PCNA seems to bind to expanded CTG-repeats. CTCFbs1 and bs2, but not the enhancer region, show statistically significant enrichment of PCNA in abChIP versus IgG-IP in the expanded CTG-repeat length categories, but not at DM20, suggesting that PCNA binds the expanded CTG-repeat. These graphs show enrichment (Qt(IP)/Qt(input), normalised against the abCHIP enrichment value of the positive control amplicon of each respective repeat length category) for PCNA in abChIP versus IgG-IP at a positive control amplicon and three regions at the DM1 locus. Height of the bars indicates the median enrichment, and error bars indicate the interquartile range (25th to 75th percentile of observations). Mann-Whitney tests were performed to test for a statistically significant difference between the abChIP and IgG reactions.
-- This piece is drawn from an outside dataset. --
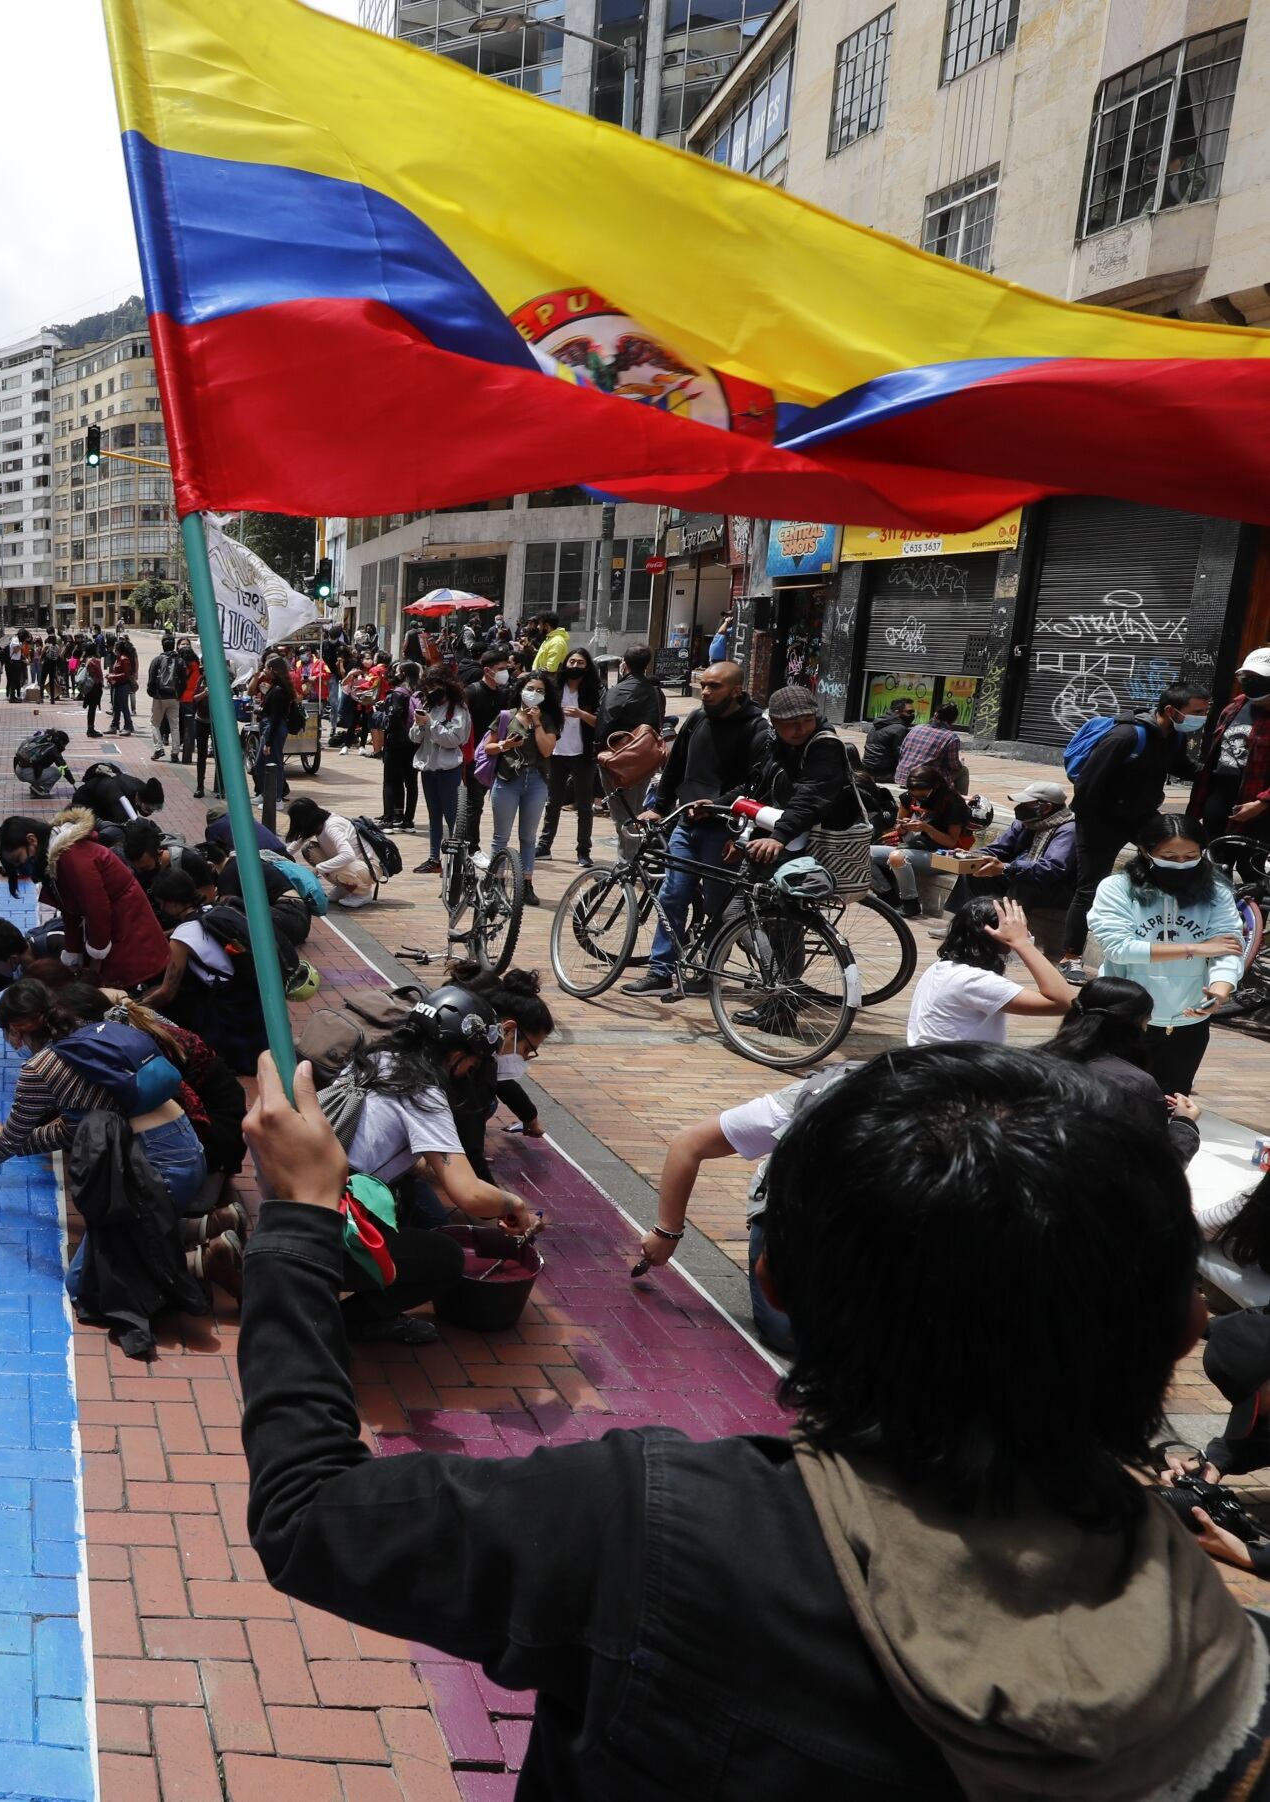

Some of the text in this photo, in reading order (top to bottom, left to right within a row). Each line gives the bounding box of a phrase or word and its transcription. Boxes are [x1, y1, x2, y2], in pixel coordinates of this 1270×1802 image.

Results are summarised here with * being P < 0.05, ** being P < 0.01, and *** being P < 0.001. Details of the statistical analysis can be found in Supplementary Table 1. The enrichment values obtained for the specific abChIP reactions were subjected to the Jonckheere Terpstra test for trend, which tests whether a trend exists across the categories with increasing CTG-repeat length. P values are indicated in the graphs and details of this statistical analysis can be found in Supplementary Table 2.